Anda di halaman 1dari 15

BAB I

PENDAHULUAN
1.1. Latar Belakang
Distilasi sudah dikenal oleh manusia sekitar abad pertama masehi oleh
kimiawan Yunani untuk menghasilkan spritus. Kemudian karena semakin lama
permintaan akan spritus semakin tinggi maka proses distilasi semakin
berkembang pesat bahkan untuk berbagai proses kimia. Proses distilasi
digambarkan secara akurat oleh Alexandria. Kemudian, pada sekitar abad ke-4
ahli-ahli kimia Islam pada masa kekhalifahan Abbasiah, terutama oleh Al-Razi
menemukan bentuk modern distilasi yaitu pada pemisahan alkohol menjadi
senyawa yang relatif murni melalui alat alembik, bahkan desain ini menjadi
semacam inspirasi yang memungkinkan rancangan distilasi skala mikro dan
berkembang sampai saat ini.
Distilasi atau penyulingan merupakan suatu metode pemisahan bahan kimia
berdasarkan perbedaan kecepatan atau kemudahan menguap (volatilitas) bahan.
Dalam penyulingan, campuran zat dididihkan sehingga menguap, dan uap ini
kemudian didinginkan kembali ke dalam bentuk cairan.
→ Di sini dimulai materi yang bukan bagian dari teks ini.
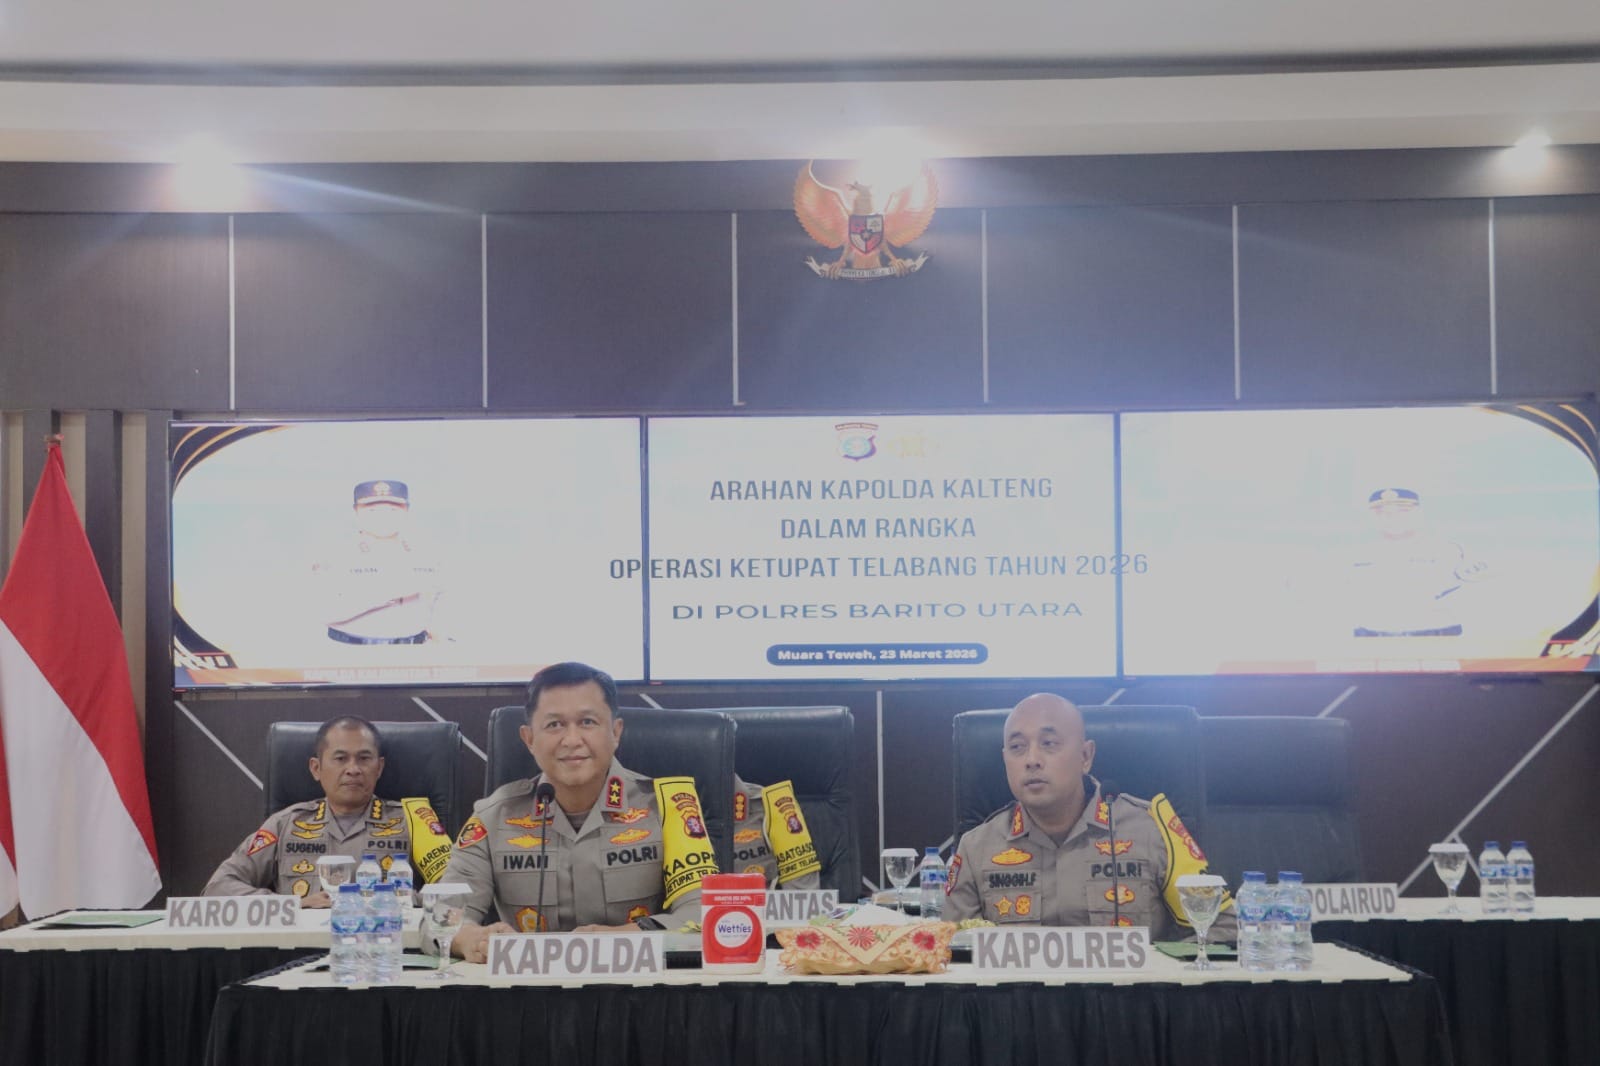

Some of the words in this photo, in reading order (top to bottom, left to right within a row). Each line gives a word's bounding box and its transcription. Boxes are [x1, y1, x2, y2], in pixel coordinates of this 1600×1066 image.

[710, 480, 812, 500] ARAHAN
[821, 479, 934, 499] KAPOLDA
[943, 478, 1052, 498] KALTENG
[781, 518, 867, 539] DALAM
[875, 517, 976, 538] RANGKA
[610, 559, 721, 578] OPERASI
[730, 557, 840, 578] KETUPAT
[848, 556, 977, 577] TELABANG
[985, 555, 1066, 576] TAHUN
[672, 605, 703, 619] DI
[715, 604, 838, 619] POLRES
[849, 603, 966, 618] BARITO
[978, 602, 1083, 617] UTARA
[778, 650, 823, 660] Muara
[880, 649, 896, 659] 23
[900, 649, 942, 659] Maret
[285, 842, 326, 854] SUGENG
[367, 840, 408, 851] POLRI
[606, 845, 658, 867] POLRI
[1091, 862, 1142, 877] POLRI
[169, 899, 239, 928] KARO
[247, 899, 296, 926] OPS
[718, 923, 752, 934] Wetties
[491, 937, 657, 975] KAPOLDA
[978, 931, 1146, 968] KAPOLRES
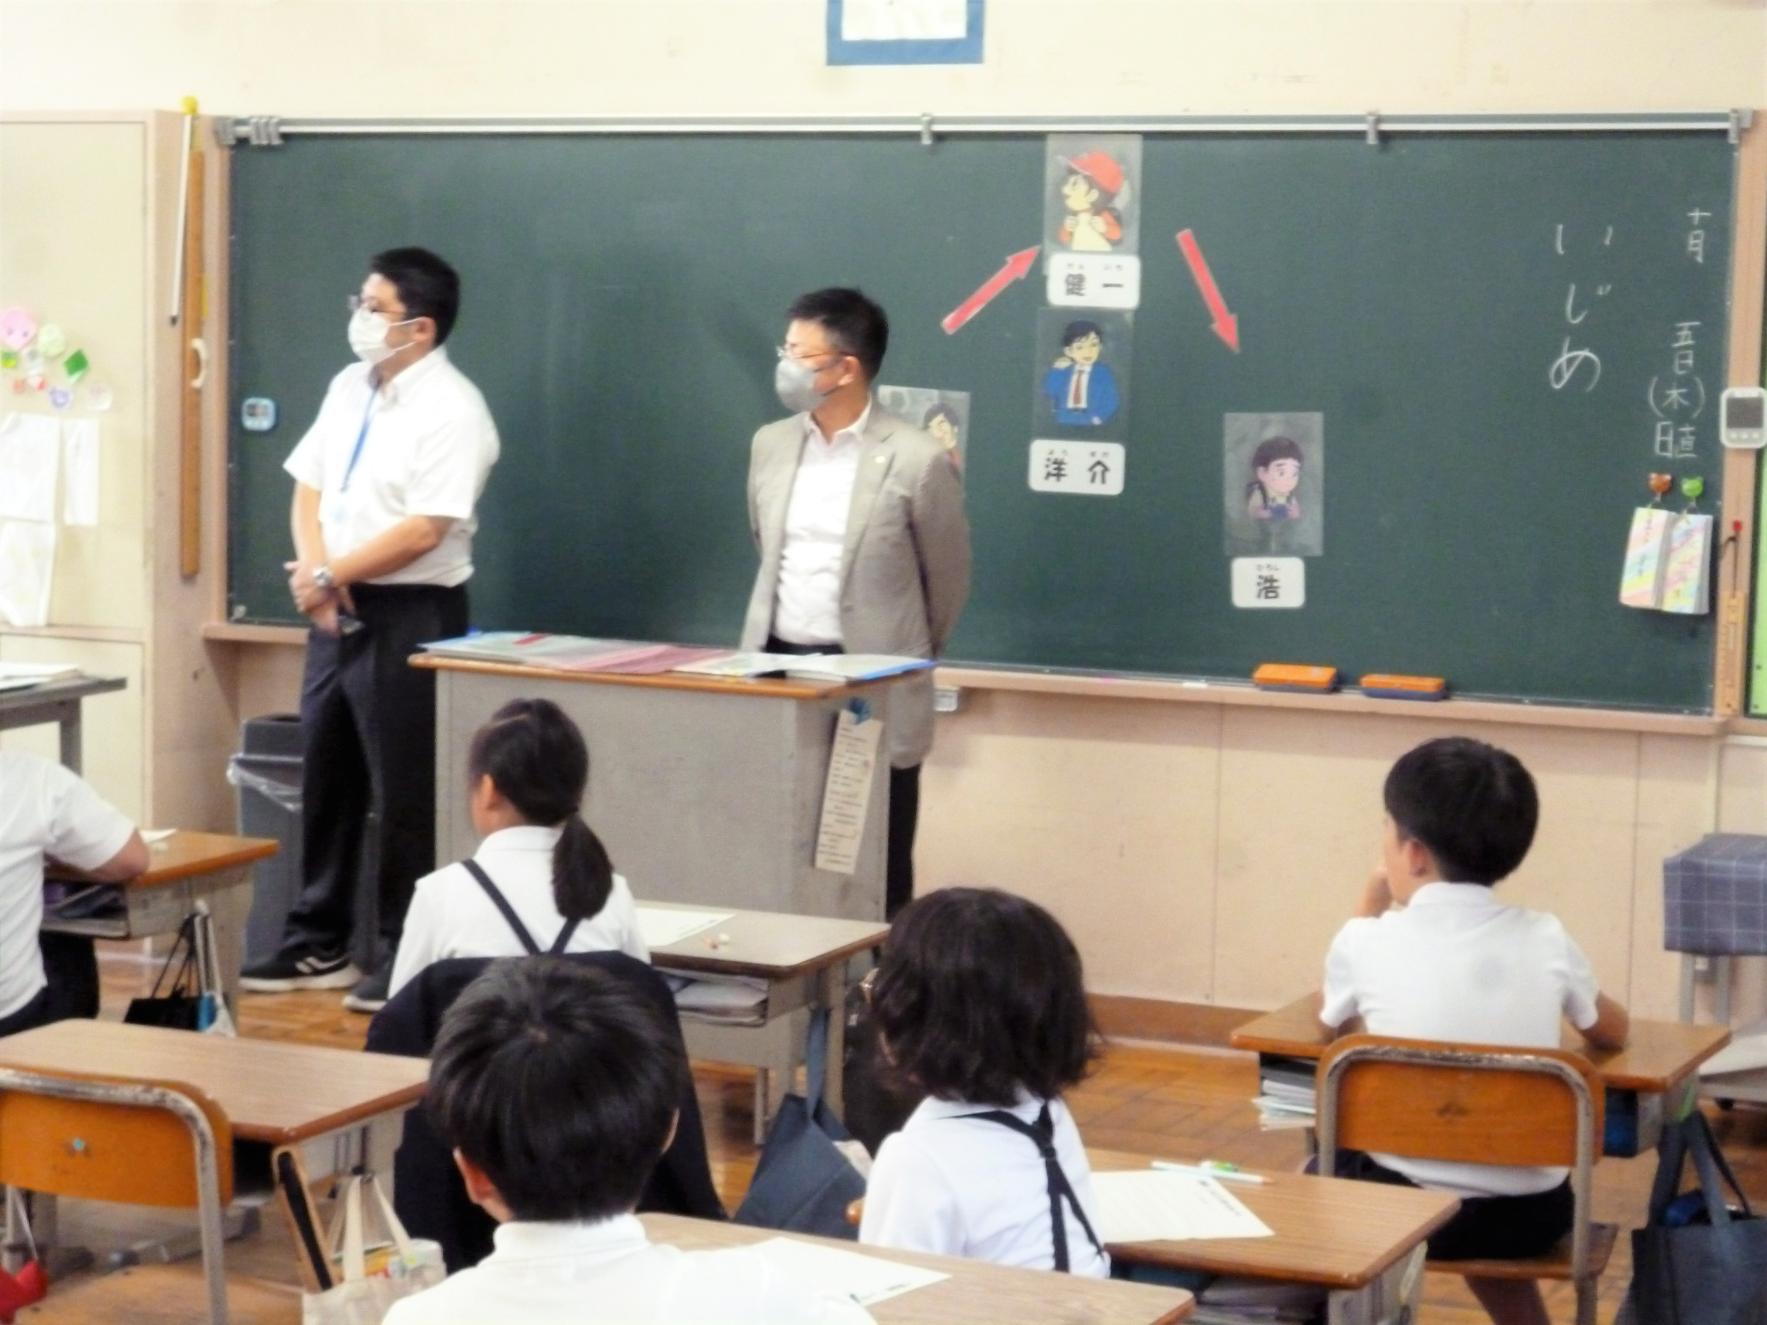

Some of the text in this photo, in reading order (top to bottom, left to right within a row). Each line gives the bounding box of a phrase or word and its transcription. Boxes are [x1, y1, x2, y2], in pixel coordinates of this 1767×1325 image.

[1687, 207, 1712, 263] 十月
[1549, 223, 1612, 393] いじめ
[1655, 421, 1697, 458] 日直
[1044, 457, 1110, 485] 洋介
[1256, 574, 1281, 600] 浩
Zat yang memiliki titik
didih lebih rendah akan menguap lebih dulu. Metode distilasi termasuk unit
operasi kimia jenis perpindahan massa. Penerapan proses ini didasarkan pada teori
bahwa pada suatu larutan, masing-masing komponen akan menguap pada titik
didihnya.
Proses distilasi dapat digambarkan sebagai deretan tahap flashing yang
disusun secara seri sehingga uap yang mengalir ke atas dan cairan yang mengalir
ke bawah saling berkontak. Dengan demikian disetiap tahap aliran uap (V) dan
cairan (L) akan berkontak dan membentuk kesetimbangan. Agar kontak antara uap
dan cairan dapat berlangsung lebih sempurna maka dipasang tray yang jumlahnya
disesuaikan dengan kebutuhan. Secara teoritik, satu tray dapat dianggap sebagai
suatu tahap kesetimbangan (Tim Penyusun, 2015).
Cairan dan uap yang memasuki suatu tahap tidak berada dalam keadaan
setimbang. Cairan dan uap tersebut berkontakkan satu sama lain sehingga terjadi

perpindahan massa, sehingga uap cairan yang meninggalkan tahap tersebut berada
dalam keadaan setimbang. Uap yang meninggalkan tahap kesetimbangan ini
mengandung lebih banyak komponen yang mudah menguap (volatile) dari pada
uap yang memasuki tahap tersebut. Sebaliknya, cairan yang meninggalkan tahap
tersebut akan mengandung lebih sedikit volatile dari cairan yang memasuki tahap.
Jadi uap dipuncak kolom memiliki komponen yang lebih mudah menguap secara
dominan, sedangkan didasar kolom cairan mengandung komponen yang sukar
menguap (Tim Penyusun, 2015).
1.2.

Tujuan Percobaan
1. Menentukan efisiensi kolom menyeluruh (overall column efficiency)
dengan memvariasikan laju boil-up.
2. Mempelajari proses distilasi batch dengan rasio refluks konstan.

BAB II
LANDASAN TEORI

2.1

Pengertian Distilasi
Distilasi merupakan proses pemisahan campuran dua atau lebih (banyak)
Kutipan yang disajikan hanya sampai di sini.